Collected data
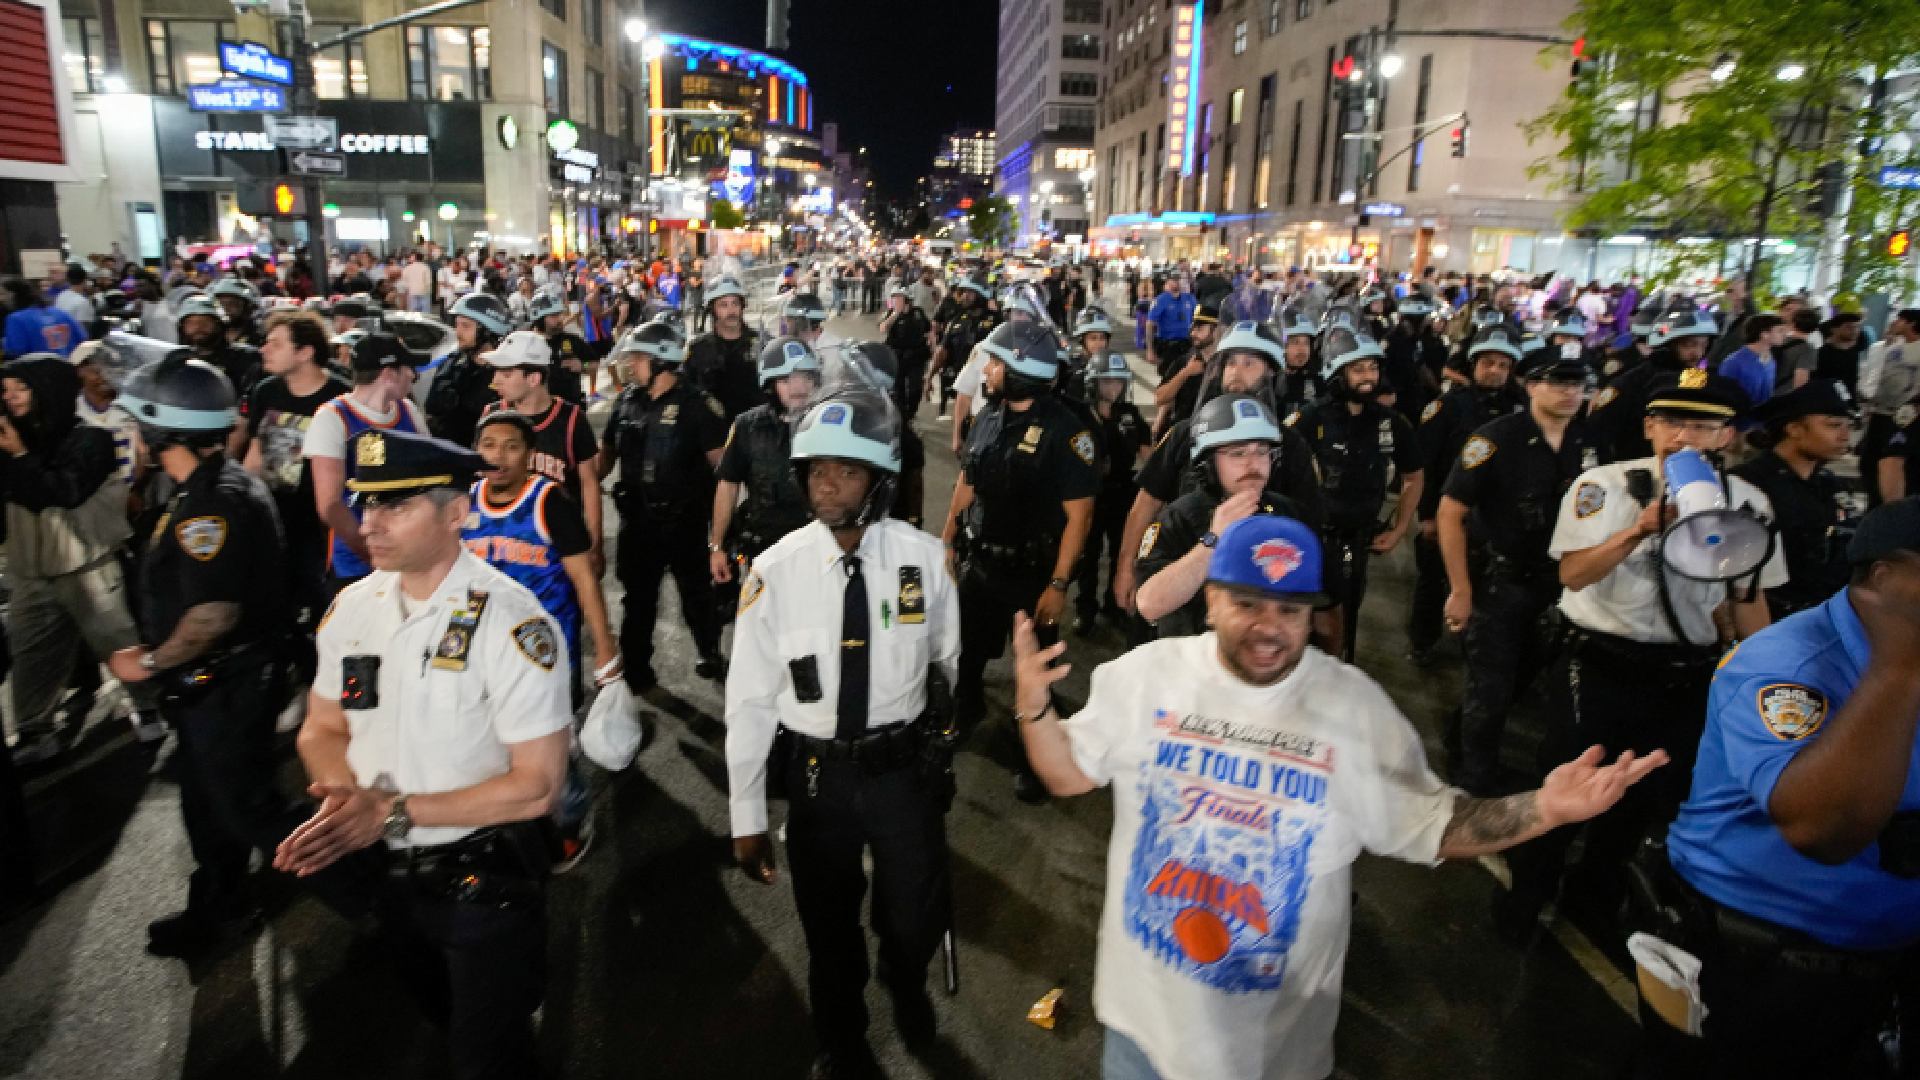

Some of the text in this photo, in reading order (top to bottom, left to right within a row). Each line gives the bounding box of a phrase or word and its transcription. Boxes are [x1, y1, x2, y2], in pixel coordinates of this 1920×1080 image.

[193, 88, 232, 107] West
[262, 88, 279, 107] St
[1168, 7, 1194, 168] NEW YORKER
[340, 133, 428, 154] COFFEE
[492, 536, 549, 568] YORK
[1156, 740, 1194, 772] WE
[1198, 747, 1262, 791] TOLD
[1169, 785, 1270, 833] Finals
[1146, 858, 1270, 937] KNICKS
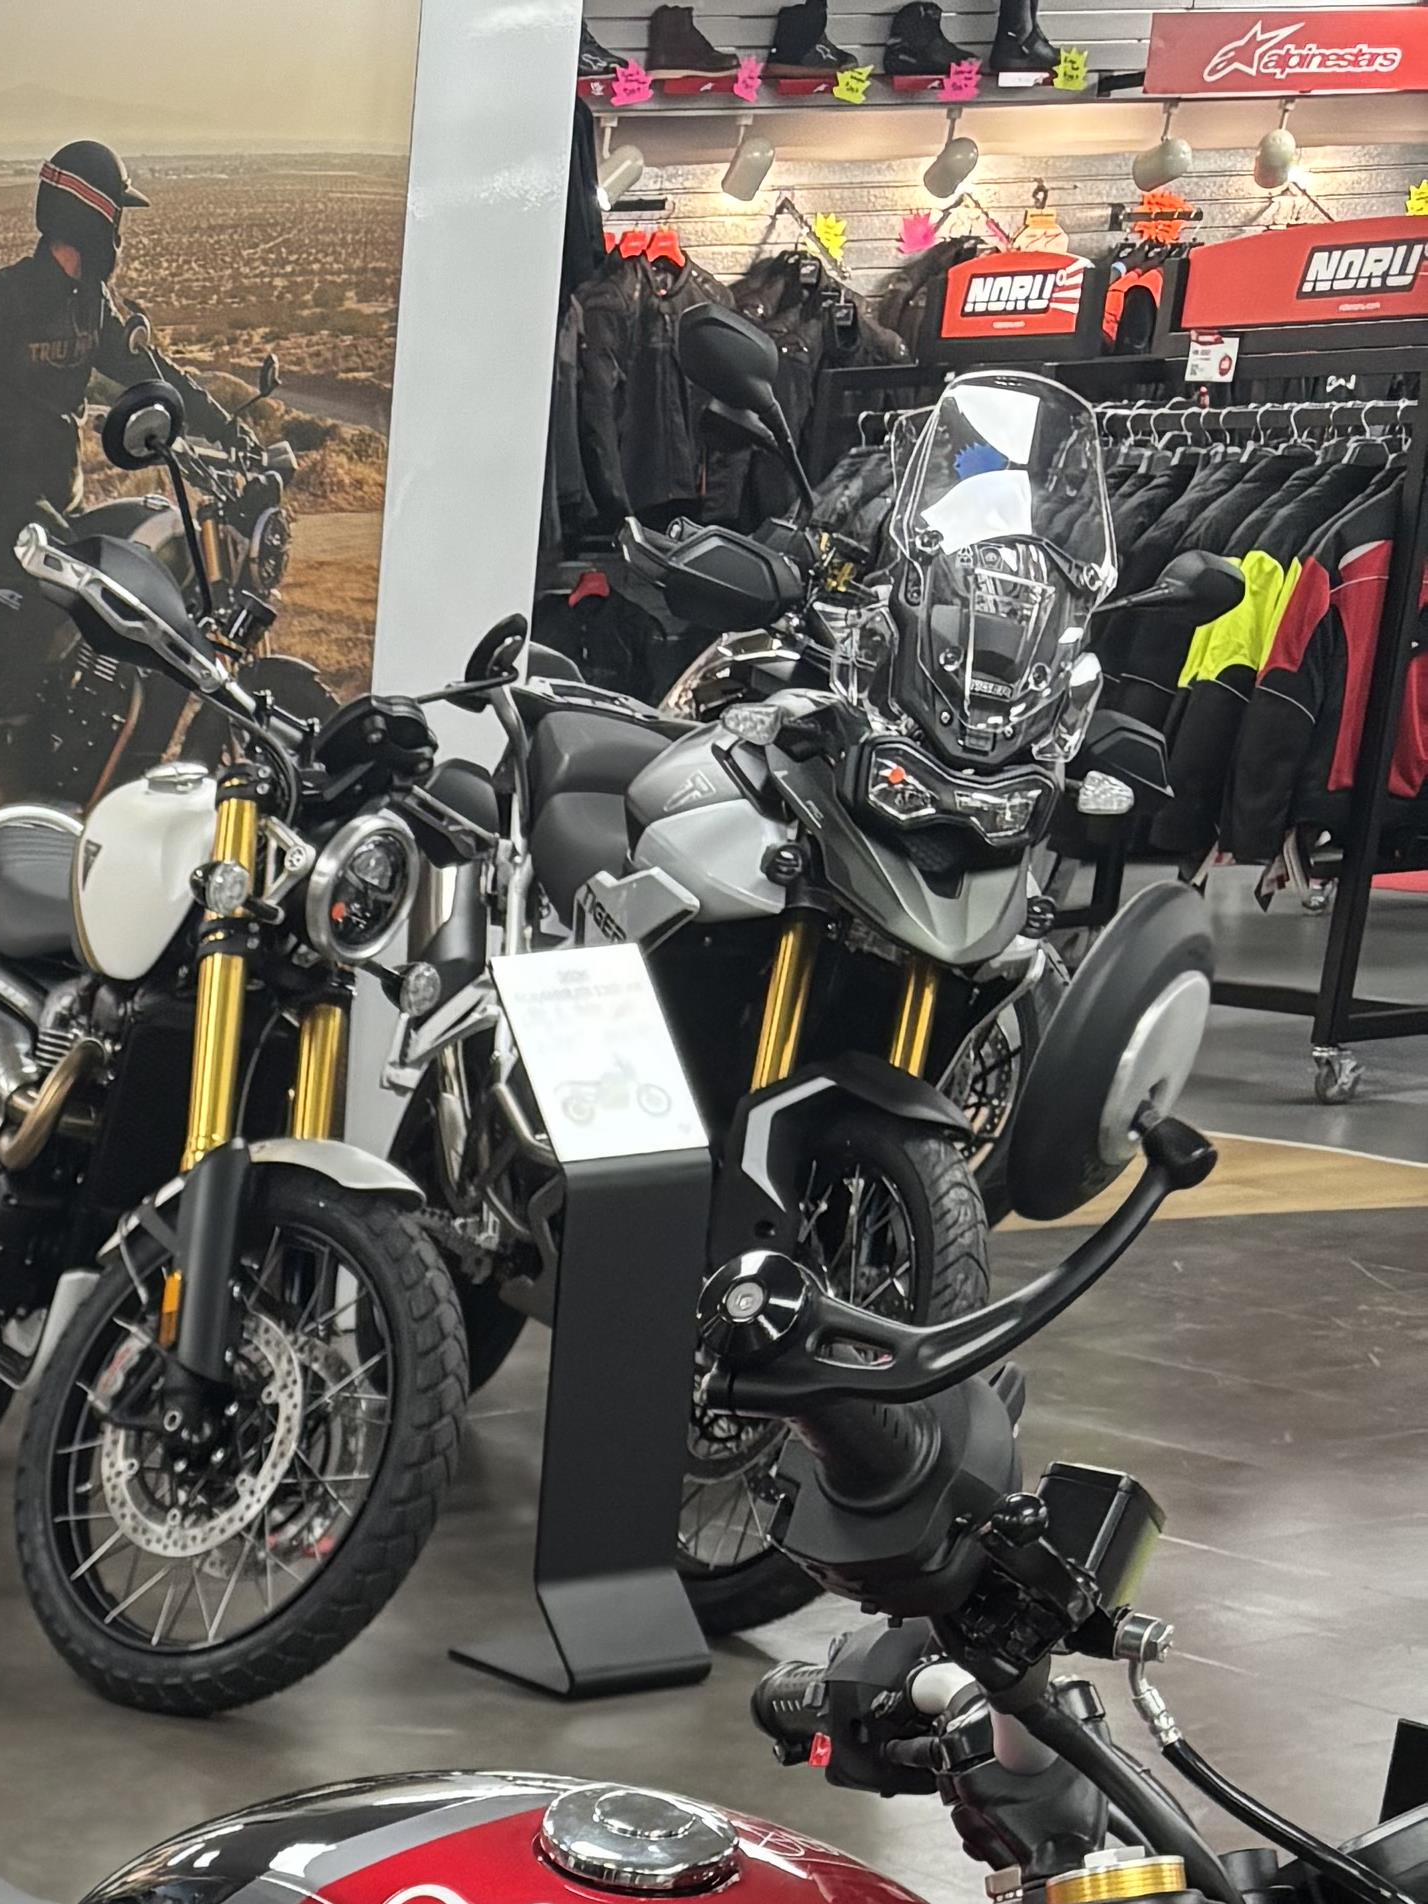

* About this task:
Give the entries again exactly, but skip every image.

* Task solution:
Some of the text in this photo, in reading order (top to bottom, left to right within a row). Each line gives the bounding box of a phrase or word and its transcription. Boxes are [x1, y1, x2, y2], in pixel coordinates of this 1920×1080 image.

[193, 88, 232, 107] West
[262, 88, 279, 107] St
[1168, 7, 1194, 168] NEW YORKER
[340, 133, 428, 154] COFFEE
[492, 536, 549, 568] YORK
[1156, 740, 1194, 772] WE
[1198, 747, 1262, 791] TOLD
[1169, 785, 1270, 833] Finals
[1146, 858, 1270, 937] KNICKS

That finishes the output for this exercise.